____ EXERCISE DATA

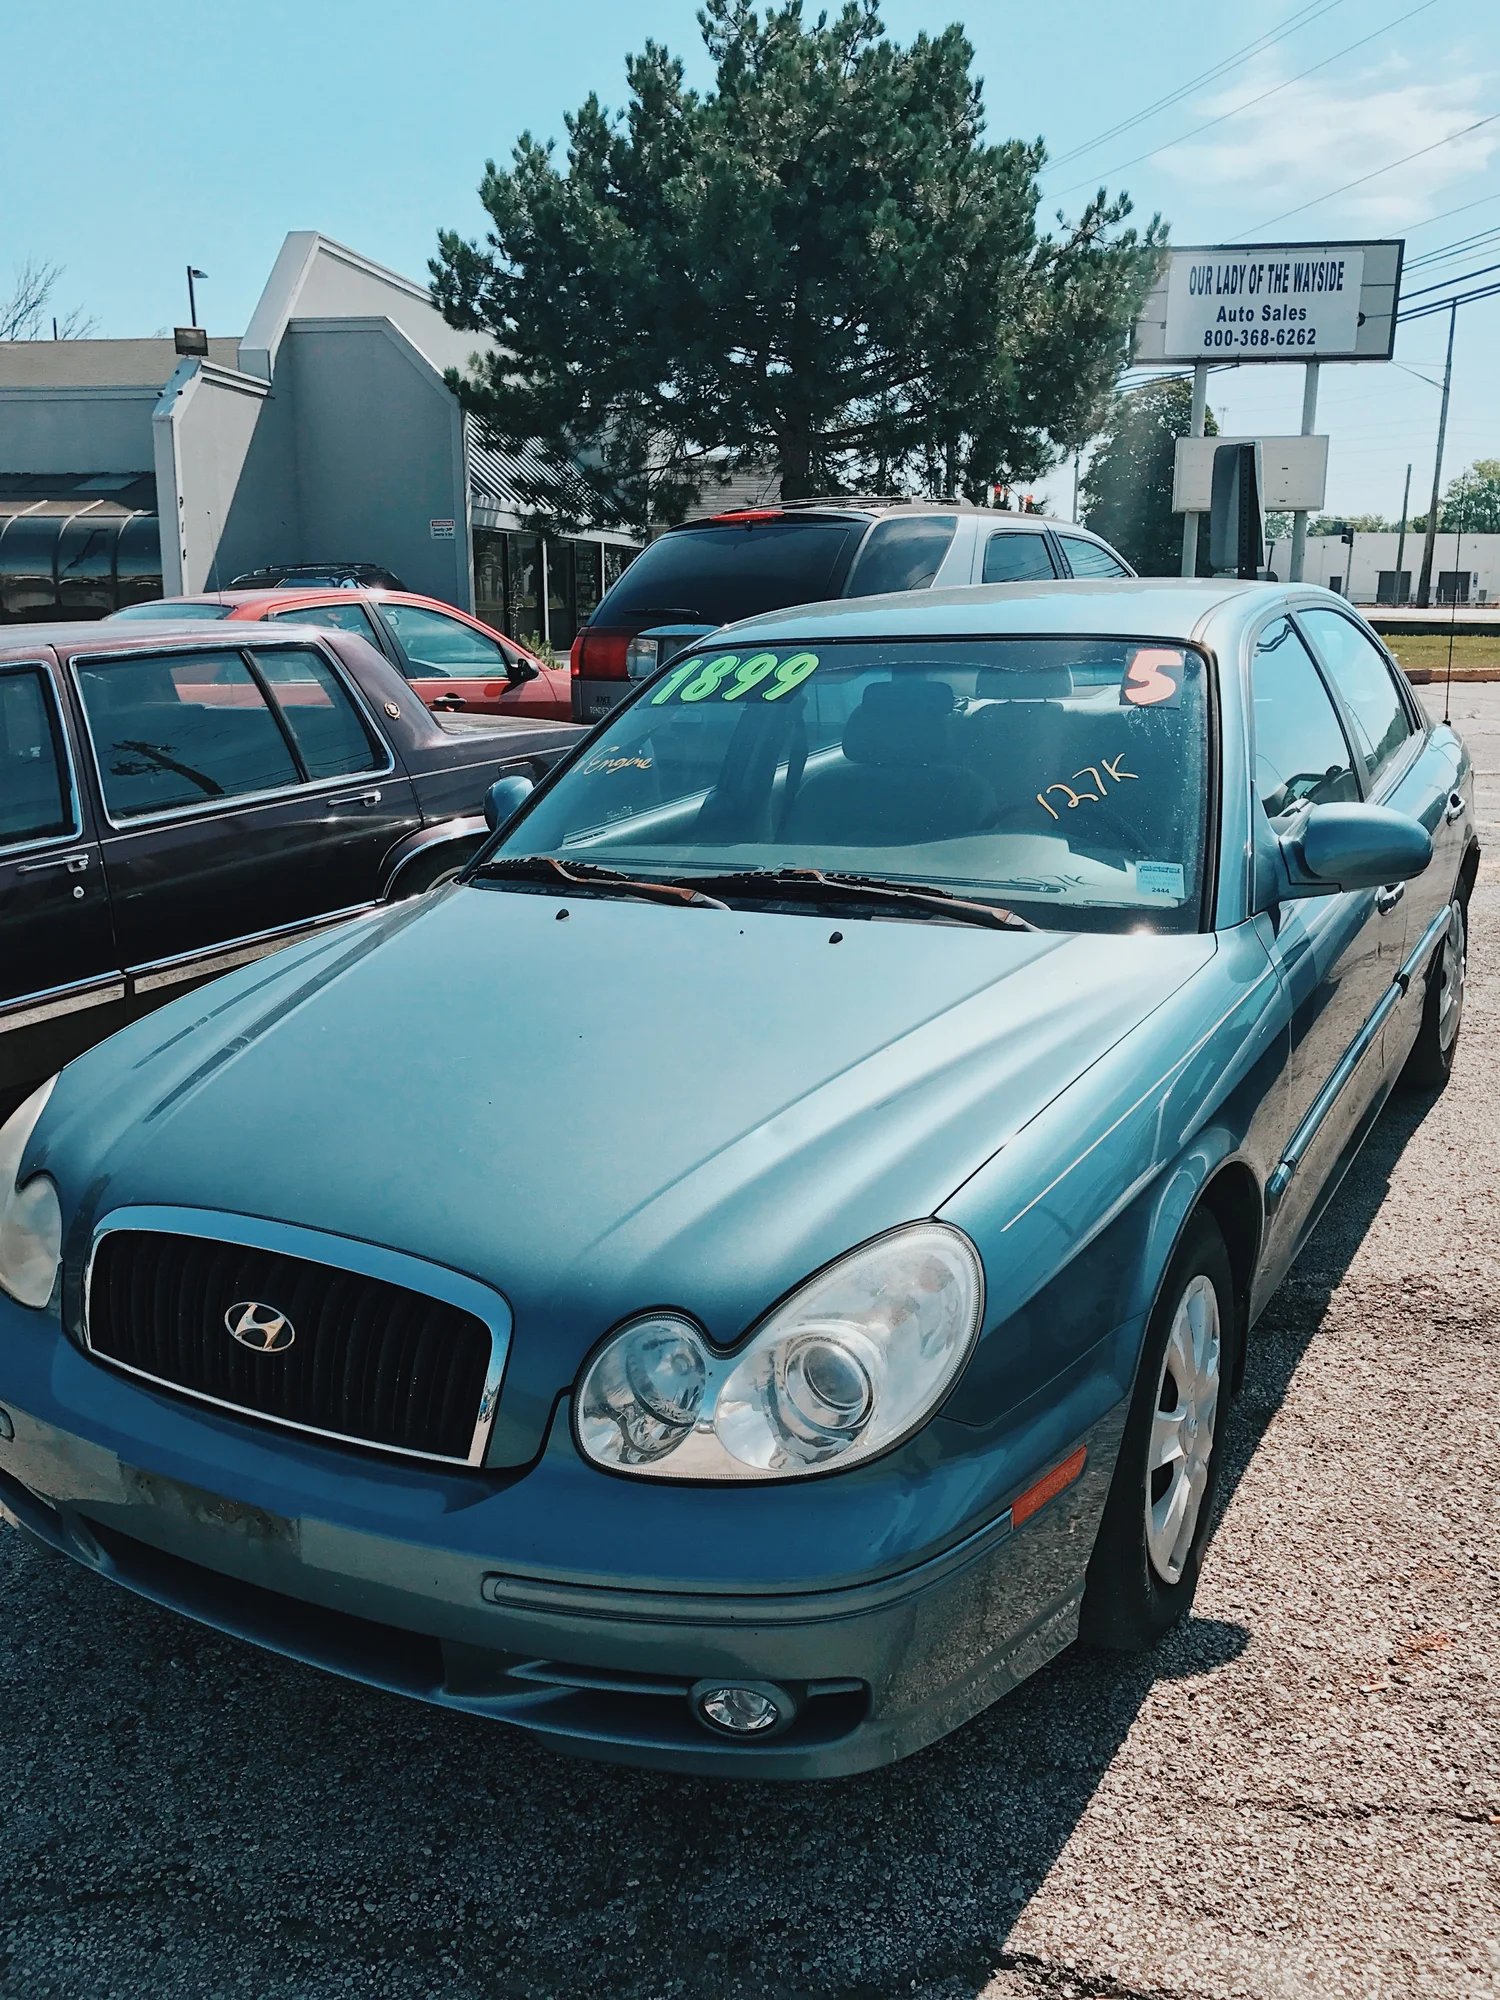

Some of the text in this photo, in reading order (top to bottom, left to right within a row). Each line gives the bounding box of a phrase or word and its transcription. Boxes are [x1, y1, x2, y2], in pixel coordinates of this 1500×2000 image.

[1189, 261, 1345, 296] OUR LADY OF THE WAYSIDE
[1216, 304, 1307, 323] Auto Sales
[1203, 328, 1317, 347] 800-368-6262
[651, 652, 820, 705] 1899
[1124, 648, 1184, 706] 5
[1036, 752, 1140, 820] 127K

________

EXERCISE
All entries above should be printed exactly, though without their pictures.

SOLVED PROBLEM
Some of the text in this photo, in reading order (top to bottom, left to right within a row). Each line gives the bounding box of a phrase or word and its transcription. Boxes are [x1, y1, x2, y2], in pixel coordinates of this 1500×2000 image.

[1189, 261, 1345, 296] OUR LADY OF THE WAYSIDE
[1216, 304, 1307, 323] Auto Sales
[1203, 328, 1317, 347] 800-368-6262
[651, 652, 820, 705] 1899
[1124, 648, 1184, 706] 5
[1036, 752, 1140, 820] 127K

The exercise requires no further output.